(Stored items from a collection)
______________________________
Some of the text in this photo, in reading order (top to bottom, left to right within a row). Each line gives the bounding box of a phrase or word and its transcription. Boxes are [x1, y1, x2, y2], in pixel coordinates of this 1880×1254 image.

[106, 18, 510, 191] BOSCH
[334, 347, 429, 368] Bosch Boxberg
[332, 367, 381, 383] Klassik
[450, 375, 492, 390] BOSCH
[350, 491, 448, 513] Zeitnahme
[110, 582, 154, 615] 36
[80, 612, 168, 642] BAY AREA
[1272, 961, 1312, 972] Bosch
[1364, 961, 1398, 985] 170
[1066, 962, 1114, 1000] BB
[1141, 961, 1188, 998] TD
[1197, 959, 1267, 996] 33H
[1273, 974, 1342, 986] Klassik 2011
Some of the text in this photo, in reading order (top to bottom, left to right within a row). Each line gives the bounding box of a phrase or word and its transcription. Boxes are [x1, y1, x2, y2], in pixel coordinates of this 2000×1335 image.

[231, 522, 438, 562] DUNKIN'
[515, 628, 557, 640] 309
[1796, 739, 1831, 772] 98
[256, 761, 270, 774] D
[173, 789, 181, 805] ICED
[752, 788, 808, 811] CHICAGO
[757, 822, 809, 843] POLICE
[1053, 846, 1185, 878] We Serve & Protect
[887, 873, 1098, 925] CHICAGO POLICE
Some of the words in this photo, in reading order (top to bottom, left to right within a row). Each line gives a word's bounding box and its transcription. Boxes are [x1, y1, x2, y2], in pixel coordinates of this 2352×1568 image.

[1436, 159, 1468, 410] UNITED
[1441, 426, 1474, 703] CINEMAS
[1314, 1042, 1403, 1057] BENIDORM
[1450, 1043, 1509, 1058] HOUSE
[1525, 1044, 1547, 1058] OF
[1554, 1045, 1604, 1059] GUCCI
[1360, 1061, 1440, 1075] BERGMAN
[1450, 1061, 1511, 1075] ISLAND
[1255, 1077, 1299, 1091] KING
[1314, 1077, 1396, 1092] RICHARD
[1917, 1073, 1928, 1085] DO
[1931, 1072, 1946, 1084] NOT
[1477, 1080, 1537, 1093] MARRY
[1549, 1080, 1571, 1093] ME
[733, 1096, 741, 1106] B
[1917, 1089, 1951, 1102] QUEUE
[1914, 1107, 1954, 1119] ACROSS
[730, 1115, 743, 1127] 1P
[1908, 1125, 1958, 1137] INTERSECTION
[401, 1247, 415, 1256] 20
______________________________
_Action item_. Find "Some of the words" in the data above, then repeat that line and all lines after it exactly, ending with the final line.

_Written response_.
Some of the words in this photo, in reading order (top to bottom, left to right within a row). Each line gives a word's bounding box and its transcription. Boxes are [x1, y1, x2, y2], in pixel coordinates of this 2352×1568 image.

[1436, 159, 1468, 410] UNITED
[1441, 426, 1474, 703] CINEMAS
[1314, 1042, 1403, 1057] BENIDORM
[1450, 1043, 1509, 1058] HOUSE
[1525, 1044, 1547, 1058] OF
[1554, 1045, 1604, 1059] GUCCI
[1360, 1061, 1440, 1075] BERGMAN
[1450, 1061, 1511, 1075] ISLAND
[1255, 1077, 1299, 1091] KING
[1314, 1077, 1396, 1092] RICHARD
[1917, 1073, 1928, 1085] DO
[1931, 1072, 1946, 1084] NOT
[1477, 1080, 1537, 1093] MARRY
[1549, 1080, 1571, 1093] ME
[733, 1096, 741, 1106] B
[1917, 1089, 1951, 1102] QUEUE
[1914, 1107, 1954, 1119] ACROSS
[730, 1115, 743, 1127] 1P
[1908, 1125, 1958, 1137] INTERSECTION
[401, 1247, 415, 1256] 20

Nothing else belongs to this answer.